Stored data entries
▬▬▬▬▬▬
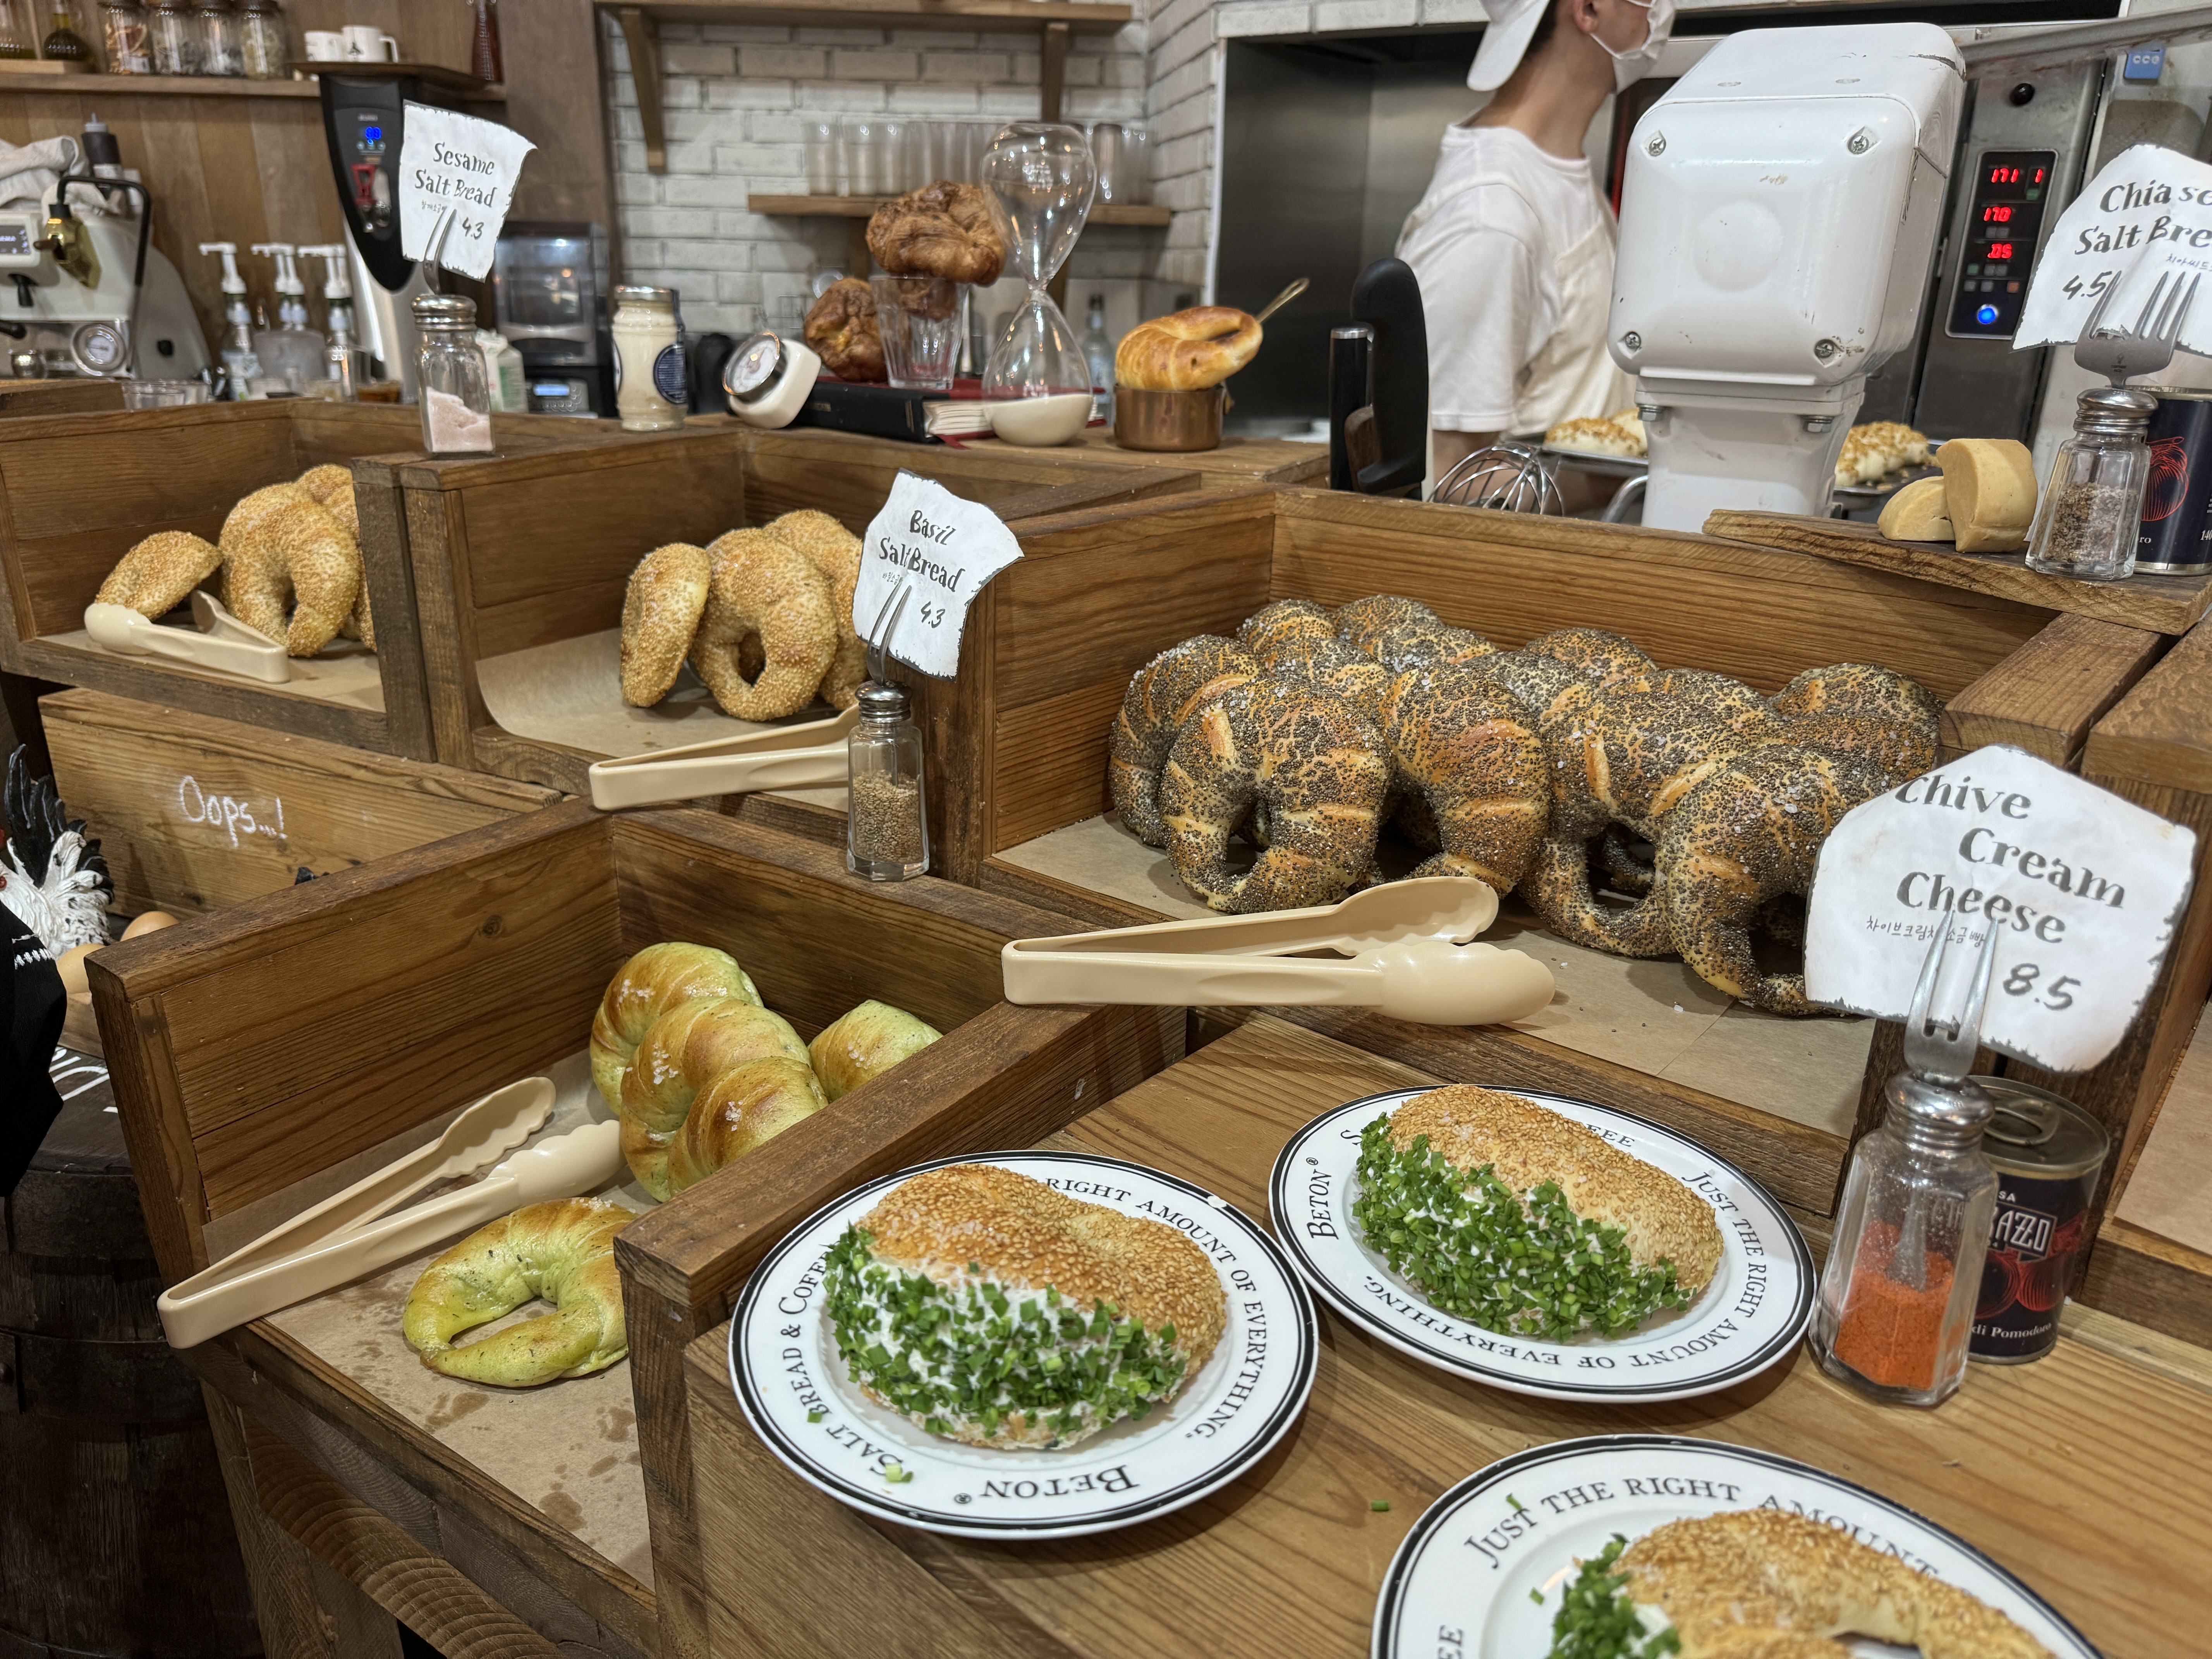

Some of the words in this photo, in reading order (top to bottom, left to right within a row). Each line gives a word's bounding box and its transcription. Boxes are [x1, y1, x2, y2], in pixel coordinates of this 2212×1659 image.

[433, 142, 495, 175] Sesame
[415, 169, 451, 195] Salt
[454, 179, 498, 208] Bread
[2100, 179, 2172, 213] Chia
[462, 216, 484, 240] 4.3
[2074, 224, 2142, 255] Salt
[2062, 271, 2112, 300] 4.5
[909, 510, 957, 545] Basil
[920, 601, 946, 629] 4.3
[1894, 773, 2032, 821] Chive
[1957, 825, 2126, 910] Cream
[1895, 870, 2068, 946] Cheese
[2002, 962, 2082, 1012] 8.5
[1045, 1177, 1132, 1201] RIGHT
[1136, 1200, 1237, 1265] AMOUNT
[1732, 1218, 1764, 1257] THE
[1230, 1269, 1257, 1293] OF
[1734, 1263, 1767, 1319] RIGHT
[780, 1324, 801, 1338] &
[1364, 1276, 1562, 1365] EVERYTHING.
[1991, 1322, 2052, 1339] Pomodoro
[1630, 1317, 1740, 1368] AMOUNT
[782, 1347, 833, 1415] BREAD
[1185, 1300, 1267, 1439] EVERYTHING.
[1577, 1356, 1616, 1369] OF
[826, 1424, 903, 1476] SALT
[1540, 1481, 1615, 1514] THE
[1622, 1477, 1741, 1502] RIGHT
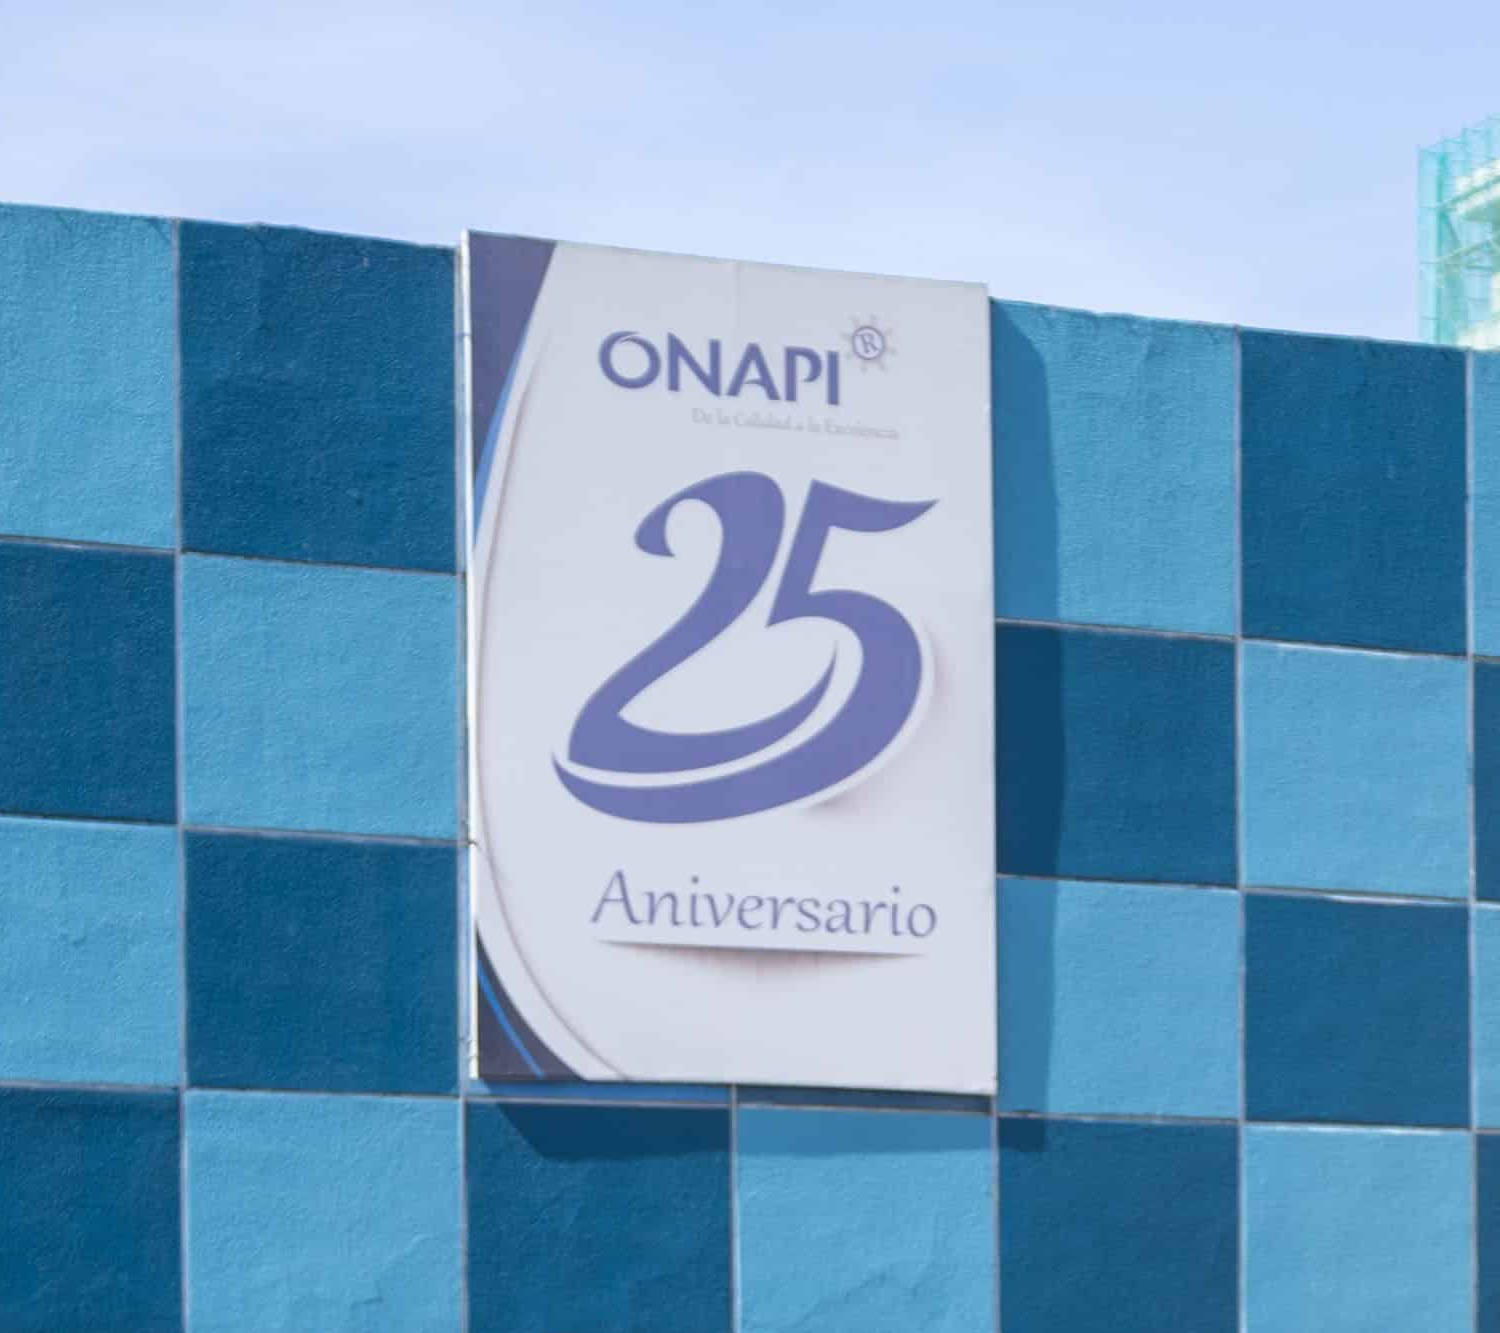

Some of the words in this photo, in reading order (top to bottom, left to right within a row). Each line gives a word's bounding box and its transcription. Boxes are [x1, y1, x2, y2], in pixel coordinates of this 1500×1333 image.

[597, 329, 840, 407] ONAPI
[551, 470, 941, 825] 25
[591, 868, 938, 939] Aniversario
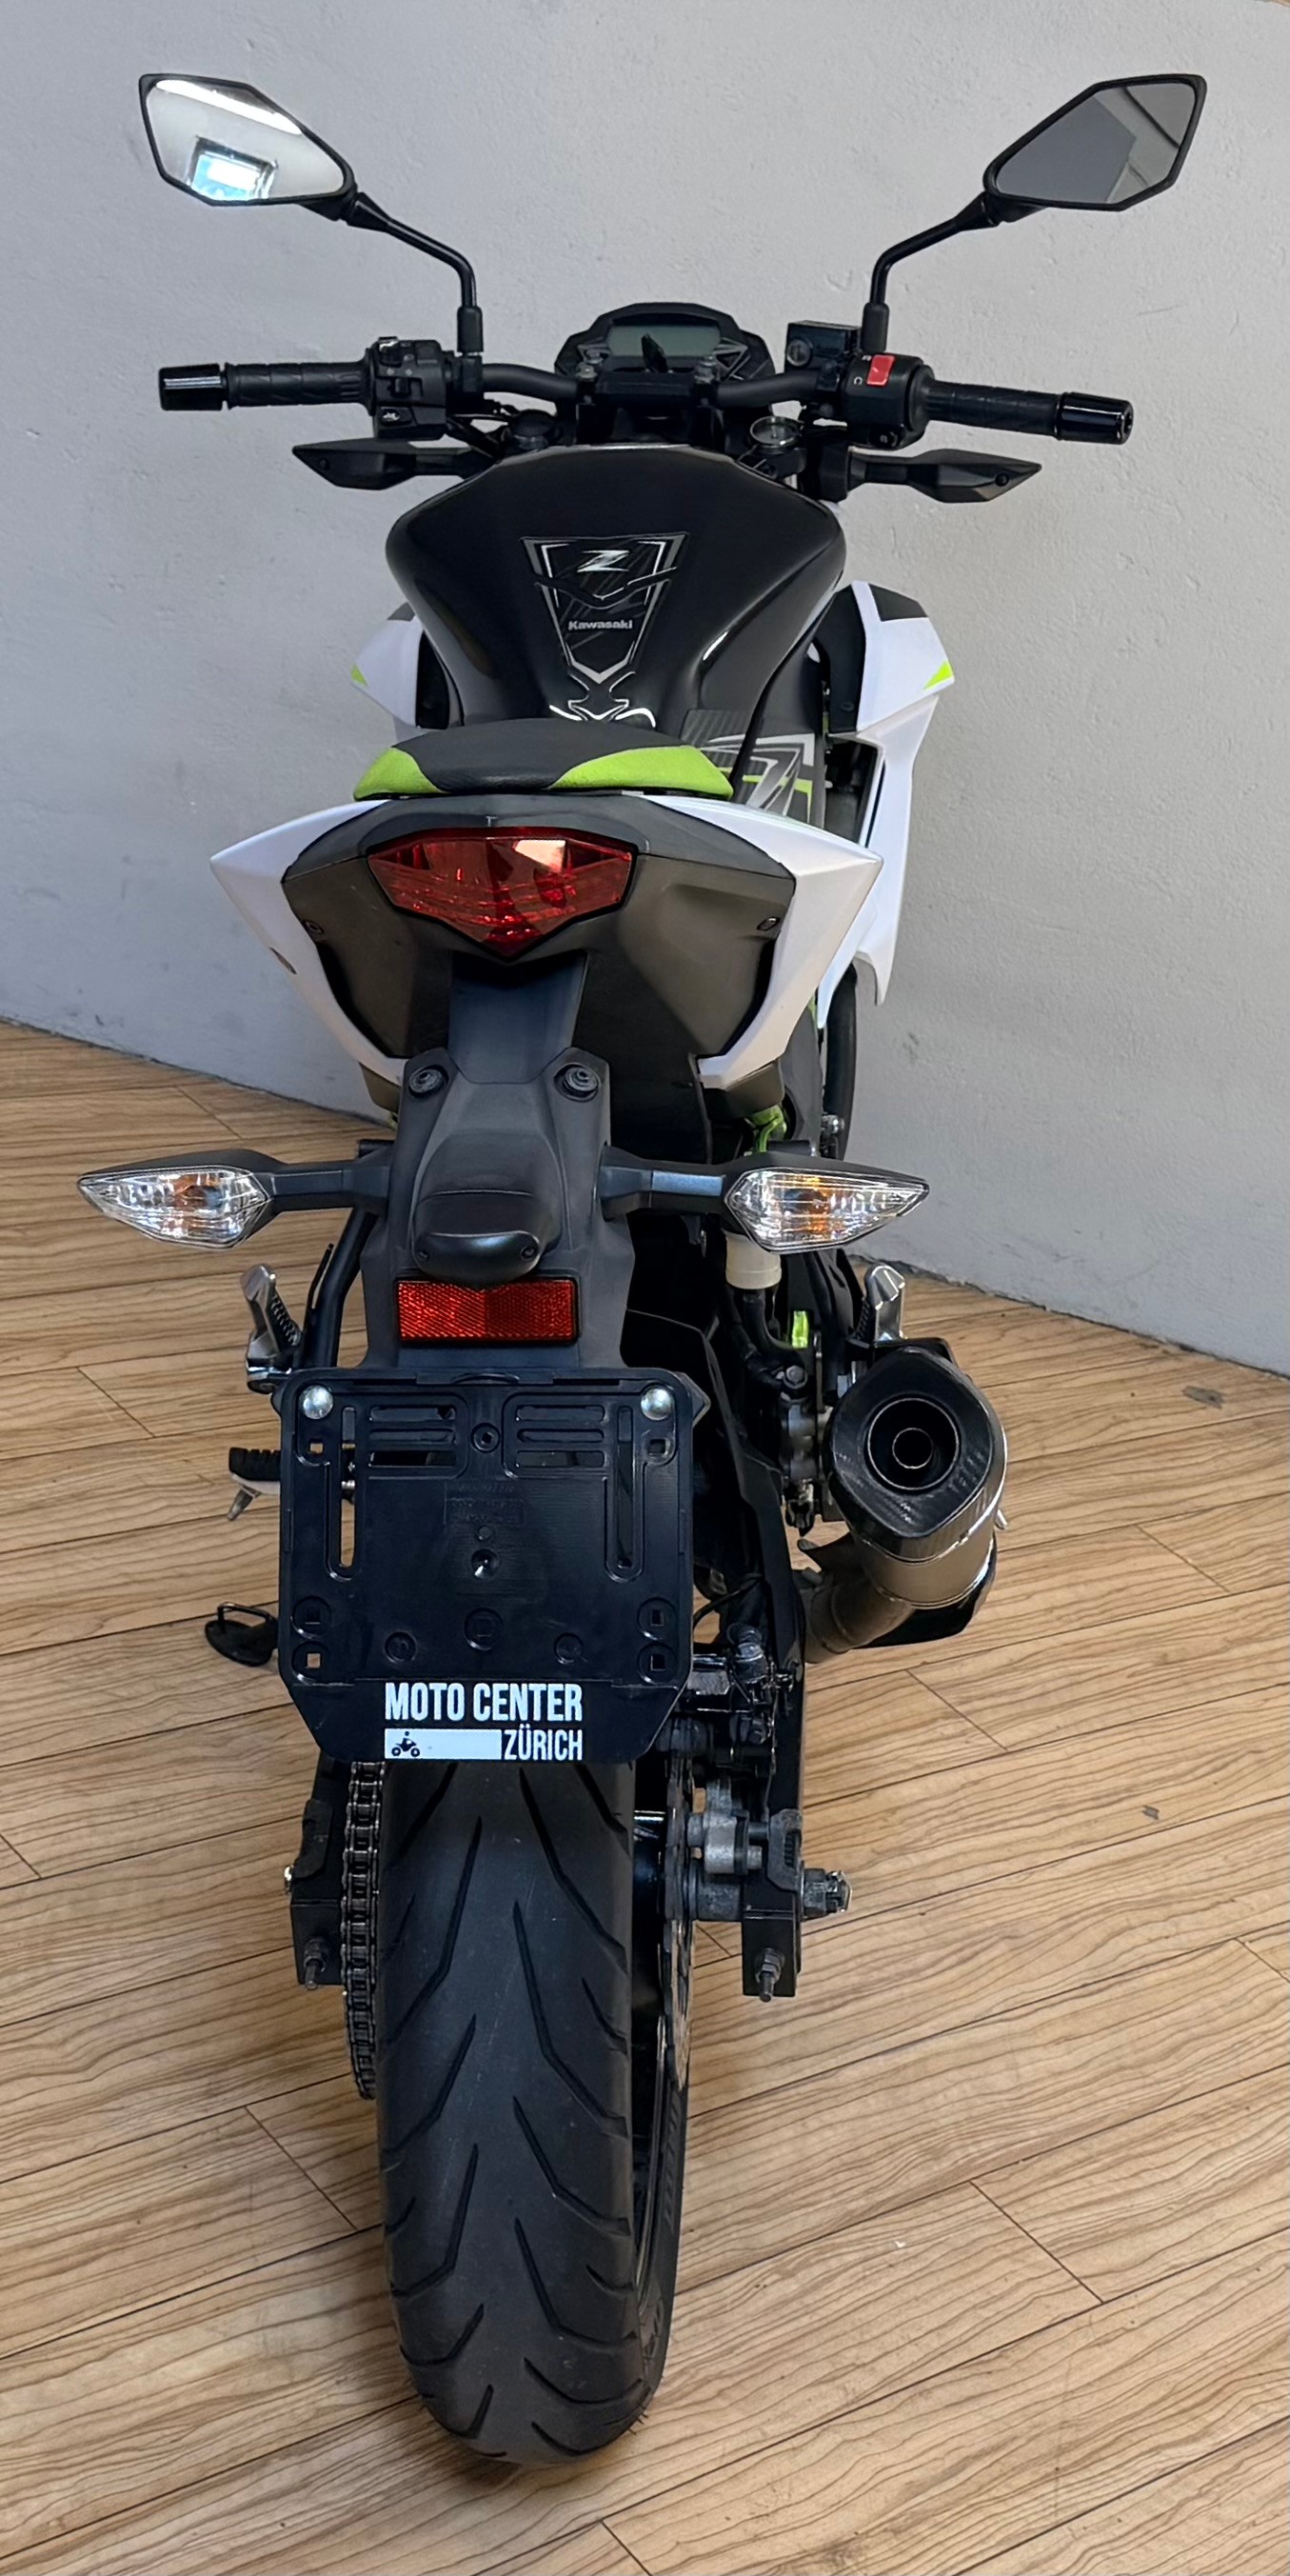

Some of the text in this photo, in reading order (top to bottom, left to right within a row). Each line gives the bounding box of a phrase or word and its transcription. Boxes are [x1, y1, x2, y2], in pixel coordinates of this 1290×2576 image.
▬▬▬▬▬▬
### Problem to solve
Copy every entry word for word, but omit the pictures.

### Reply
Some of the words in this photo, in reading order (top to bottom, left to right within a row). Each line gives a word's bounding box and its transcription. Boxes are [x1, y1, x2, y2], in pixel coordinates of this 2212×1659 image.

[433, 142, 495, 175] Sesame
[415, 169, 451, 195] Salt
[454, 179, 498, 208] Bread
[2100, 179, 2172, 213] Chia
[462, 216, 484, 240] 4.3
[2074, 224, 2142, 255] Salt
[2062, 271, 2112, 300] 4.5
[909, 510, 957, 545] Basil
[920, 601, 946, 629] 4.3
[1894, 773, 2032, 821] Chive
[1957, 825, 2126, 910] Cream
[1895, 870, 2068, 946] Cheese
[2002, 962, 2082, 1012] 8.5
[1045, 1177, 1132, 1201] RIGHT
[1136, 1200, 1237, 1265] AMOUNT
[1732, 1218, 1764, 1257] THE
[1230, 1269, 1257, 1293] OF
[1734, 1263, 1767, 1319] RIGHT
[780, 1324, 801, 1338] &
[1364, 1276, 1562, 1365] EVERYTHING.
[1991, 1322, 2052, 1339] Pomodoro
[1630, 1317, 1740, 1368] AMOUNT
[782, 1347, 833, 1415] BREAD
[1185, 1300, 1267, 1439] EVERYTHING.
[1577, 1356, 1616, 1369] OF
[826, 1424, 903, 1476] SALT
[1540, 1481, 1615, 1514] THE
[1622, 1477, 1741, 1502] RIGHT

Some of the words in this photo, in reading order (top to bottom, left to right within a row). Each line gives a word's bounding box and its transcription. Boxes are [x1, y1, x2, y2], in pixel coordinates of this 1500×1333 image.

[597, 329, 840, 407] ONAPI
[551, 470, 941, 825] 25
[591, 868, 938, 939] Aniversario

Some of the text in this photo, in reading order (top to bottom, left to right within a row). Each line gives the bounding box of a phrase or word and its transcription. Boxes are [x1, y1, x2, y2], in pixel coordinates of this 1290×2576 image.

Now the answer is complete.